• Saved data entries
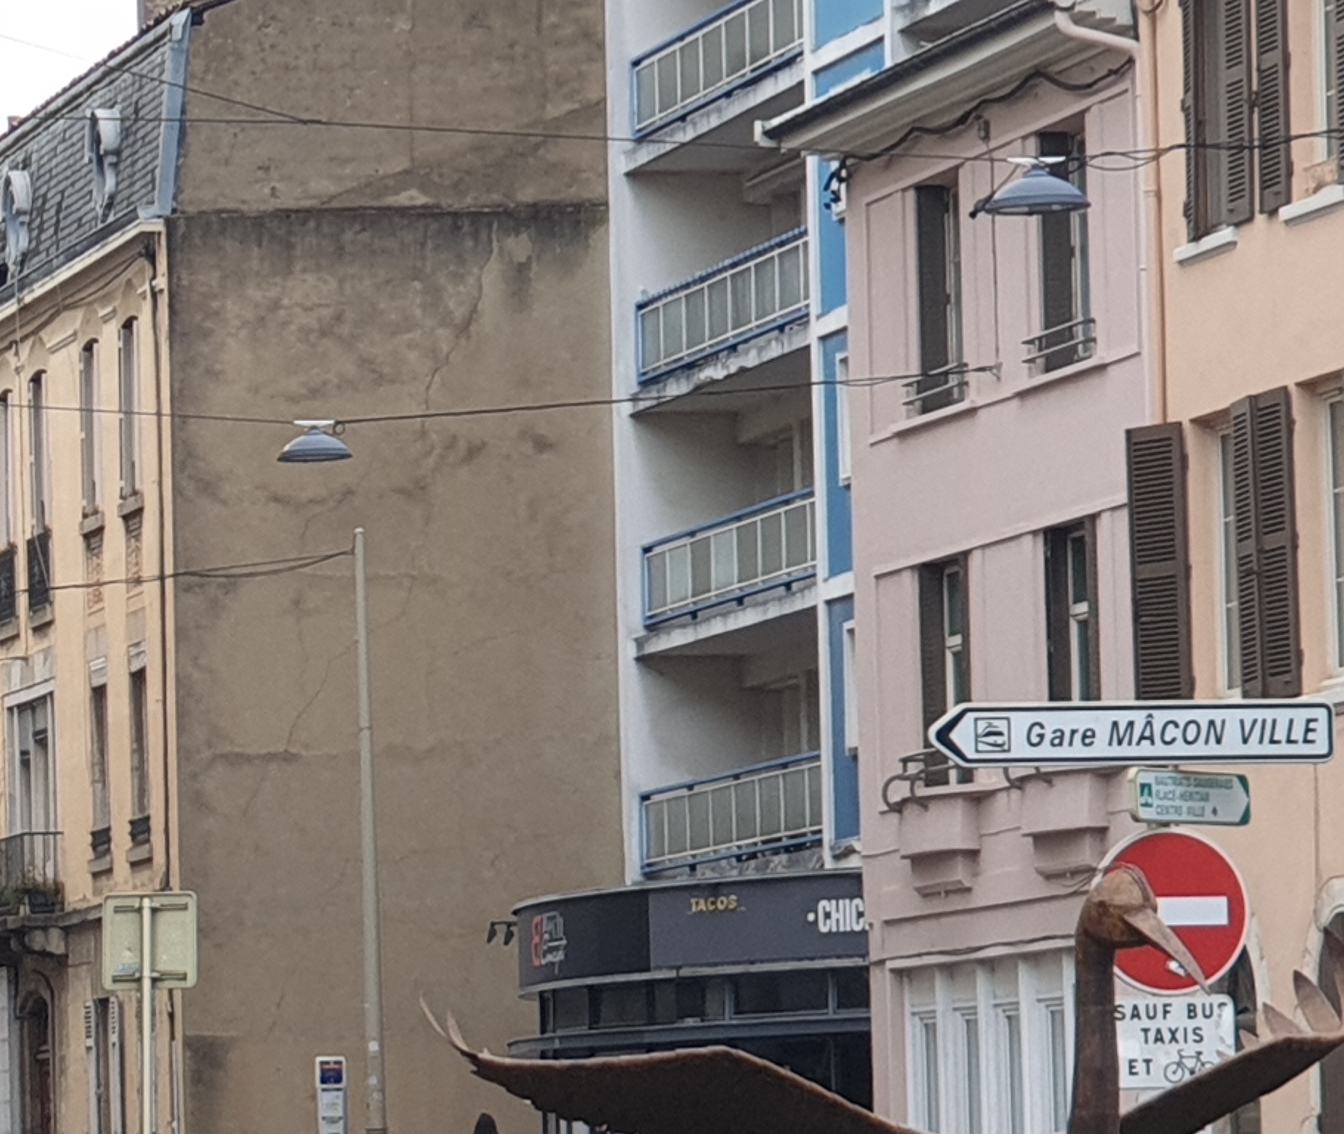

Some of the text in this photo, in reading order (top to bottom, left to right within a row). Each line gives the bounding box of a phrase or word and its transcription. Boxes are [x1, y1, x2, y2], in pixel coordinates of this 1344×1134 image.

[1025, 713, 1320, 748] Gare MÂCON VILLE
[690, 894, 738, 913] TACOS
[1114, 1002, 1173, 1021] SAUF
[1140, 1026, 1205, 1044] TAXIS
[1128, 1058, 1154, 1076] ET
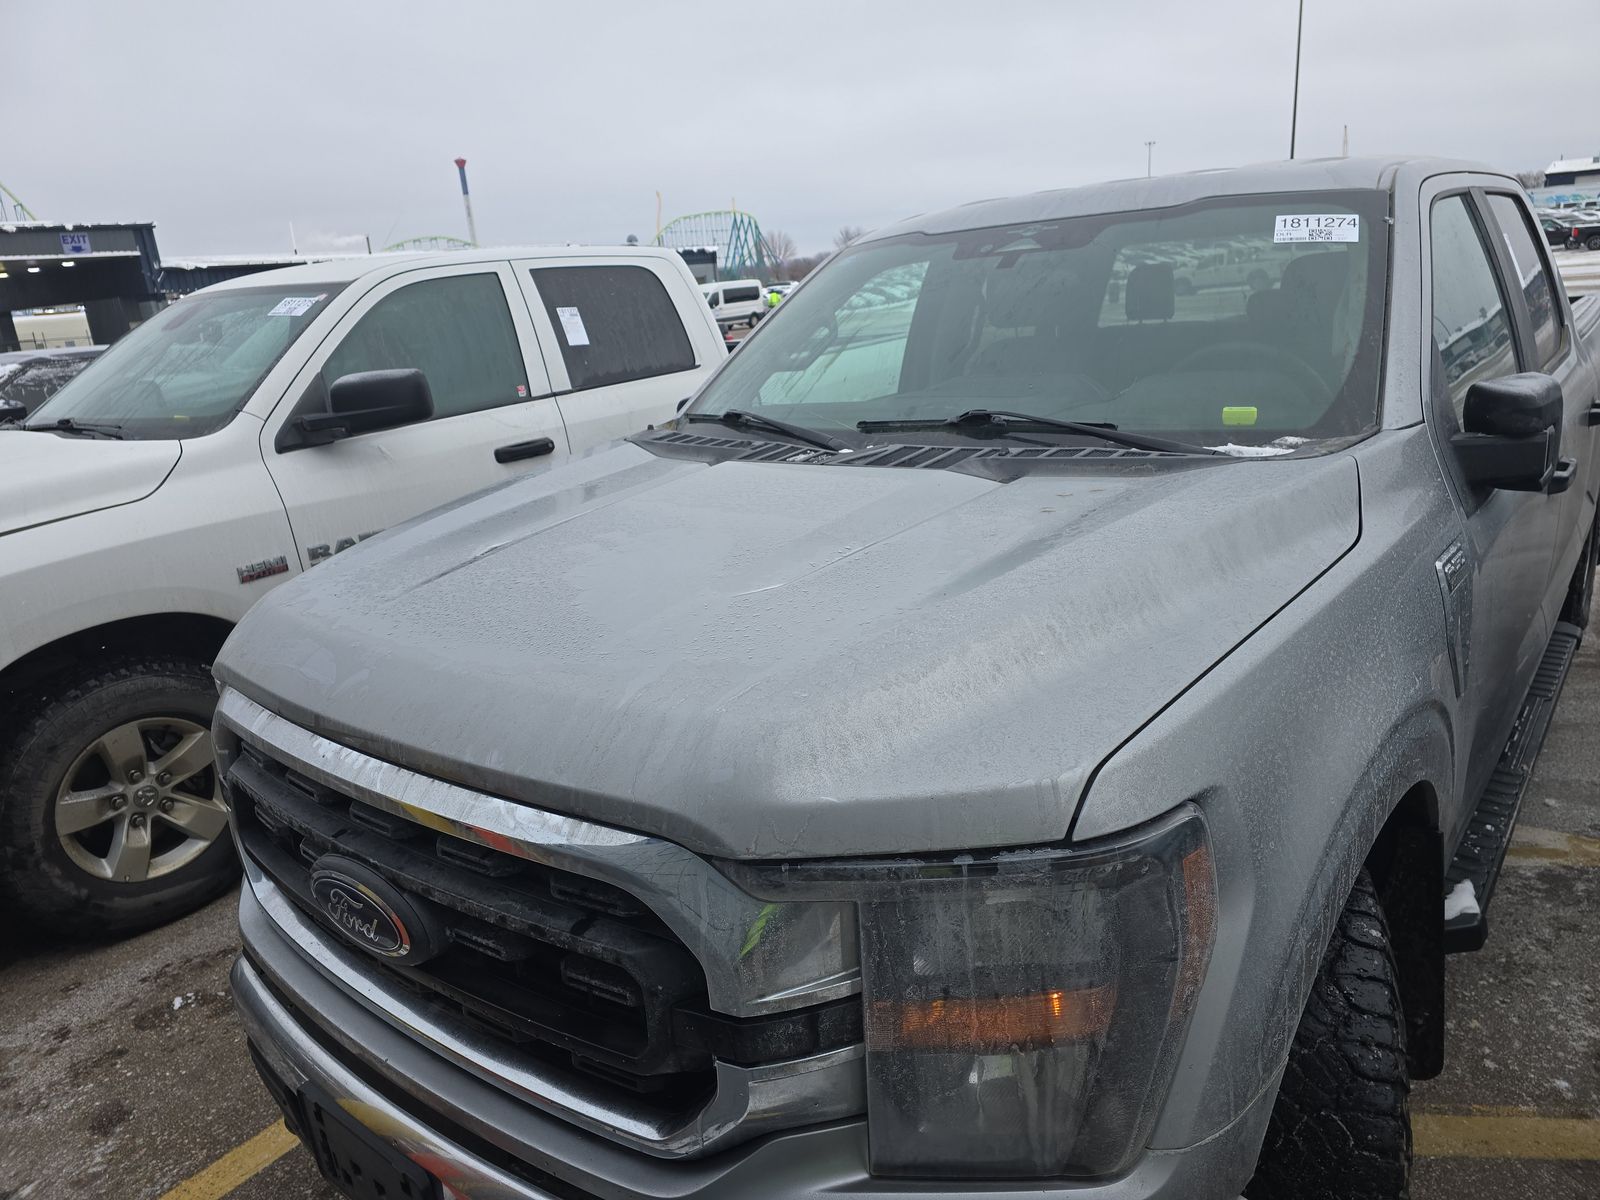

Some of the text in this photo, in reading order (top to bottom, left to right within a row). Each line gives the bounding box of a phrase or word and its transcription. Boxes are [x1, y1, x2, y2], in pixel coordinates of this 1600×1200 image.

• WHAT THE TASK REQUIRES
Each record is to be written out exactly. No picture goes in.

• COMPLETED TASK
Some of the text in this photo, in reading order (top to bottom, left to right within a row). Each line gives the bounding box of a phrase or word and its transcription. Boxes are [x1, y1, x2, y2], in pixel coordinates of this 1344×1134 image.

[1025, 713, 1320, 748] Gare MÂCON VILLE
[690, 894, 738, 913] TACOS
[1114, 1002, 1173, 1021] SAUF
[1140, 1026, 1205, 1044] TAXIS
[1128, 1058, 1154, 1076] ET

Some of the text in this photo, in reading order (top to bottom, left to right within a row). Each line gives the bounding box of a phrase or word and its transcription. Boxes are [x1, y1, x2, y2], in pixel coordinates of this 1600×1200 image.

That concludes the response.